(Stored data entries)
################

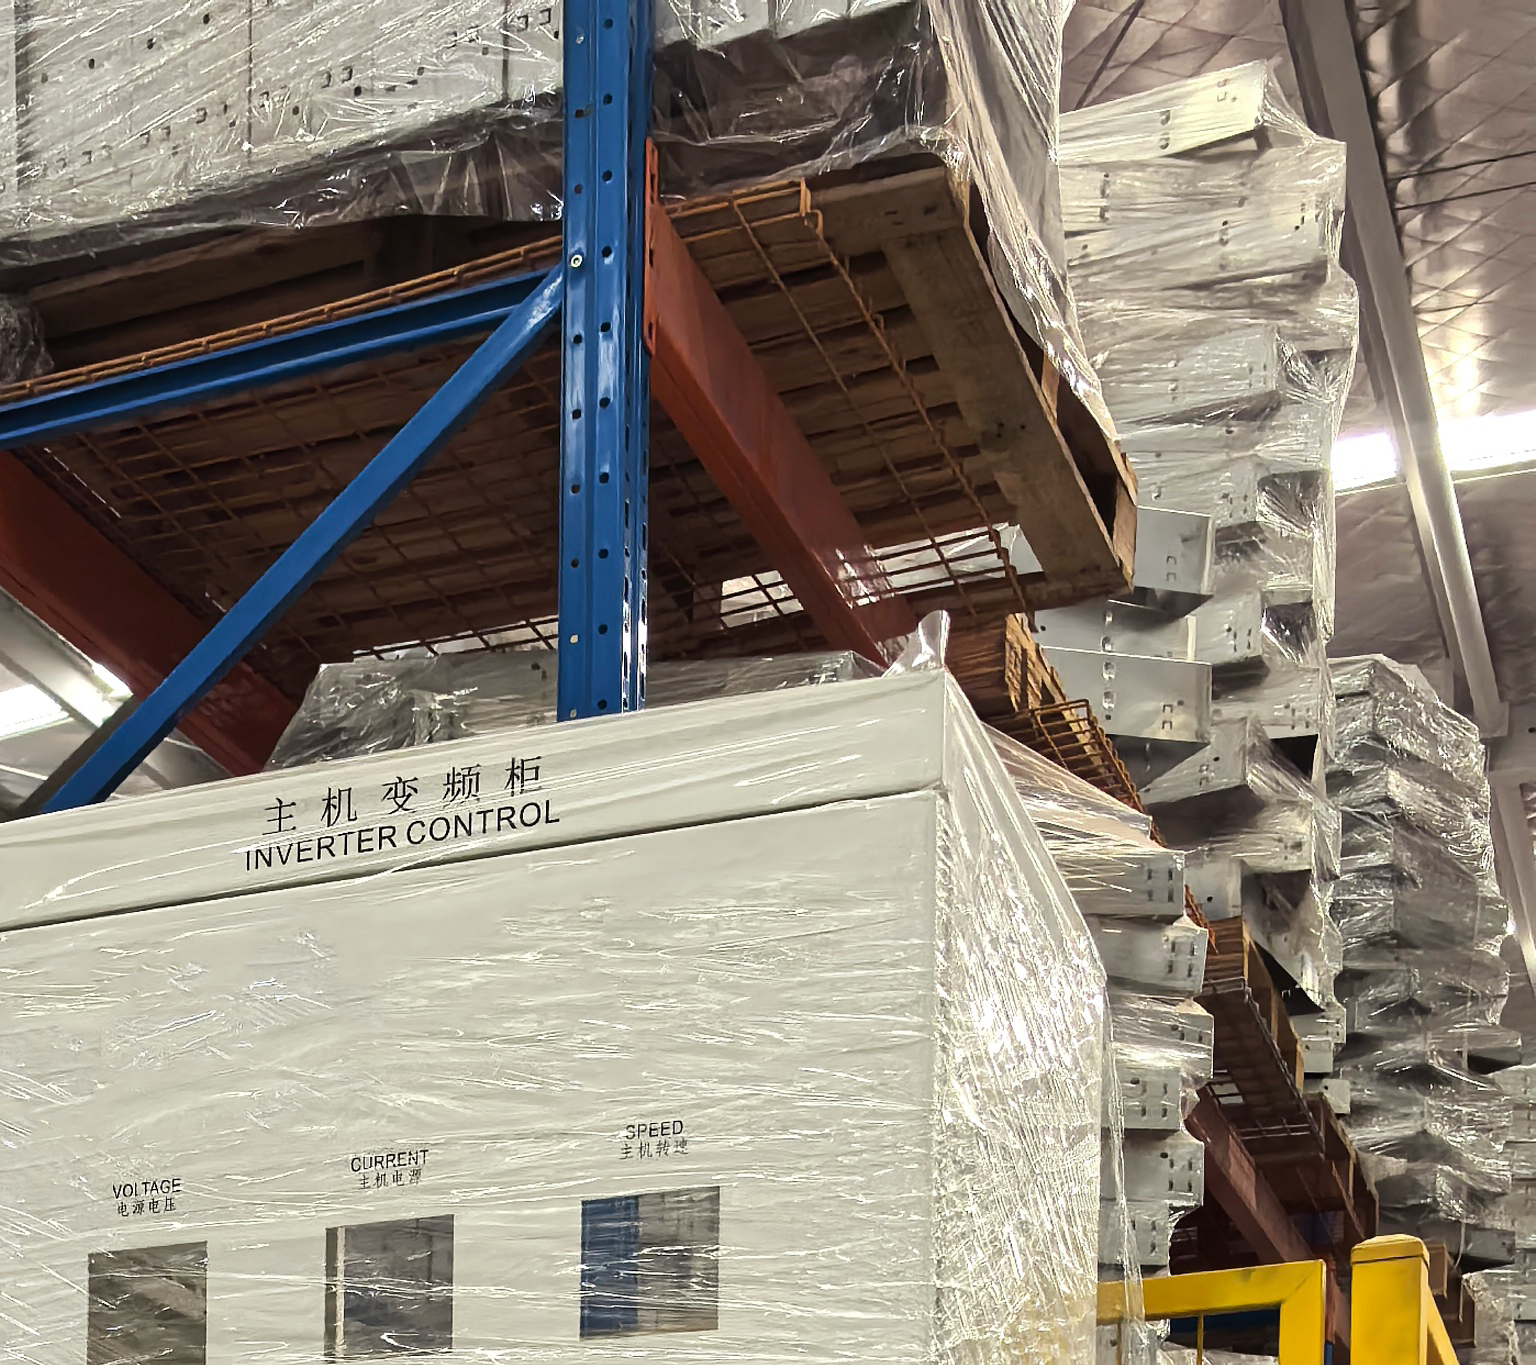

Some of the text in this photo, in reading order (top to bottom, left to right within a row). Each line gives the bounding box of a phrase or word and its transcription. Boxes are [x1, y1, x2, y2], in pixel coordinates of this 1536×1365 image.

[262, 756, 543, 836] 主机变频柜
[245, 800, 561, 872] INVERTER CONTROL
[625, 1120, 683, 1139] SPEED
[619, 1136, 689, 1160] 主机转速
[350, 1149, 429, 1173] CURRENT
[112, 1178, 182, 1199] VOLTAGE
[116, 1197, 177, 1217] 电源电压

################

• EXERCISE PROMPT: Transcribe all the data word for word; the images stay out.

• EXERCISE RESPONSE:
Some of the text in this photo, in reading order (top to bottom, left to right within a row). Each line gives the bounding box of a phrase or word and its transcription. Boxes are [x1, y1, x2, y2], in pixel coordinates of this 1536×1365 image.

[262, 756, 543, 836] 主机变频柜
[245, 800, 561, 872] INVERTER CONTROL
[625, 1120, 683, 1139] SPEED
[619, 1136, 689, 1160] 主机转速
[350, 1149, 429, 1173] CURRENT
[112, 1178, 182, 1199] VOLTAGE
[116, 1197, 177, 1217] 电源电压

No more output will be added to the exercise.